For more instructions and examples of how to verify signatures, check out their webhook verification documentation.

Retries

We attempt to deliver each webhook message based on a retry schedule with exponential backoff. That means if your endpoint is unavailable for any reason, we retry rapidly at first, and then take increasingly longer pauses to give your service a chance to recover.

The schedule

Each message is attempted based on the following schedule, where each period is started following the failure of the preceding attempt:

  • Immediately
  • 5 seconds
  • 5 minutes
  • 30 minutes
  • 2 hours
  • 5 hours
  • 10 hours
  • 10 hours (in addition to the previous)

If an endpoint is removed or disabled delivery attempts to the endpoint will be disabled as well.

Running some quick matt on this schedule, you have just over 27 hours to process a webhook notification before we give up on it and mark it as permanently undelivered.

Manual retries

You can also use the application portal to manually retry each message at any time, or automatically retry ("Recover") all failed messages starting from a given date.

Troubleshooting Tips

There are some common reasons why your webhook endpoint is failing to verify the signature (if you choose to use verification):

Not using the raw payload body

This is the most common issue. When generating the signed content, we use the raw string body of the message payload.

If you convert JSON payloads into strings using methods like stringify, different implementations may produce different string representations of the JSON object, which can lead to discrepancies when verifying the signature. It's crucial to verify the payload exactly as it was sent, byte-for-byte or string-for-string, to ensure accurate verification.

Missing the secret key

Sometimes people simply use the wrong secret key. Make sure you grab your own secret key from the webhook dashboard - not it's NOT the same one as DocuPanda API key. using the wrong secret key. Remember that keys are unique to endpoints.

Sending the wrong response codes

When we receive a response with a 2xx status code, we interpret that as a successful delivery even if you indicate a failure in the response payload. Make sure to use the right response status codes so we know when message are supposed to succeed vs fail.

Responses timing out

We will consider any message that fails to send a response within {timeout duration} a failed message. If your endpoint is also processing complicated workflows, it may timeout and result in failed messages.
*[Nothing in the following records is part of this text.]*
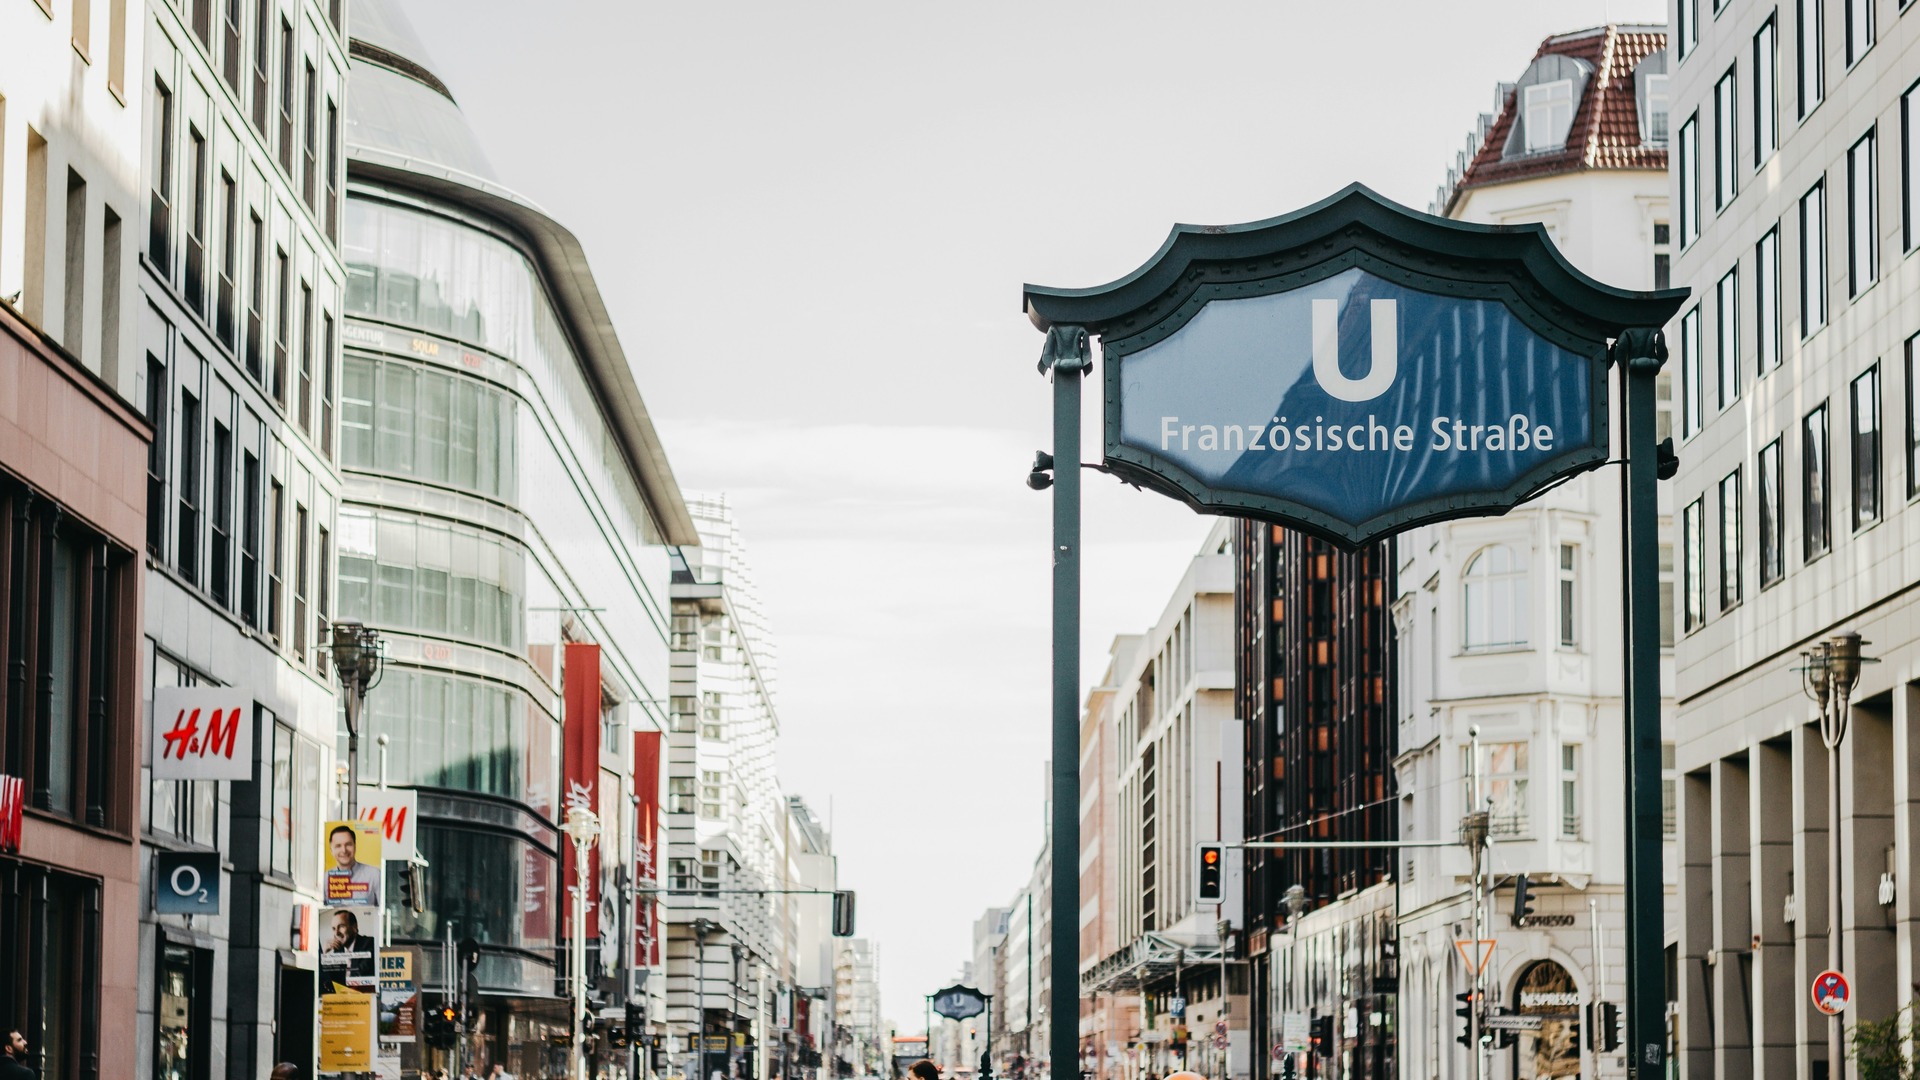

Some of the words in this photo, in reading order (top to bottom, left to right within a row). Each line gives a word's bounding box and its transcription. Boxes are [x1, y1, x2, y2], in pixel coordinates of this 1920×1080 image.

[412, 338, 440, 356] SOLAR
[1312, 298, 1398, 403] U
[1160, 414, 1414, 452] Französische
[1431, 413, 1554, 452] Straße
[162, 706, 241, 760] H&M
[1511, 914, 1575, 927] NSPRESSO
We suggest having your endpoint simply receive the message and add it to a queue to be processed asynchronously so you can respond promptly and avoiding getting timed out.

Failure Recovery

Re-enable a disabled endpoint

If all attempts to a specific endpoint fail for a period of 5 days, the endpoint will be disabled. To re-enable a disabled endpoint, go to the webhook dashboard, find the endpoint from the list and select "Enable Endpoint".
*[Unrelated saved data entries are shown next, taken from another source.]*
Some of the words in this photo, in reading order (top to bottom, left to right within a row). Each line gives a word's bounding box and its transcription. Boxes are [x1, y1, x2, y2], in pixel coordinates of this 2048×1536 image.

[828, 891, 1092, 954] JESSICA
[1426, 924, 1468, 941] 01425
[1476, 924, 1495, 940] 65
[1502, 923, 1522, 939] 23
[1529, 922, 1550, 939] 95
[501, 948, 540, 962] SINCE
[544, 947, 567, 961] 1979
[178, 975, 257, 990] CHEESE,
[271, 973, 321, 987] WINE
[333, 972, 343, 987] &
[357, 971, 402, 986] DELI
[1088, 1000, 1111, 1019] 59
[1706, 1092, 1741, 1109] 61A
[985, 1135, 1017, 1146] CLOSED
Recovering/Resending failed messages

Why Replay

  • If your service has downtime
  • If your endpoint was misconfigured

If you want to replay a single event, you can find the message from the UI and click the options menu next to any of the attempts.

resend message

From there, click "resend" to have the same message send to your endpoint again.

If you need to recover from a service outage and want to replay all the events since a given time, you can do so from the Endpoint page. On an endpoint's details page, click Options > Recover Failed Messages.

recover modal

From there, you can choose a time window to recover from.

For a more granular recovery - for example, if you know the exact timestamp that you want to recover from - you can click the options menu on any message from the endpoint page. From there, you can click "Replay..." and choose to "Replay all failed messages since this time."

IP Whitelist

In case your webhook receiving endpoint is behind a firewall or NAT, please reach out to us so we can whitelist the IP address of our webhook sending service.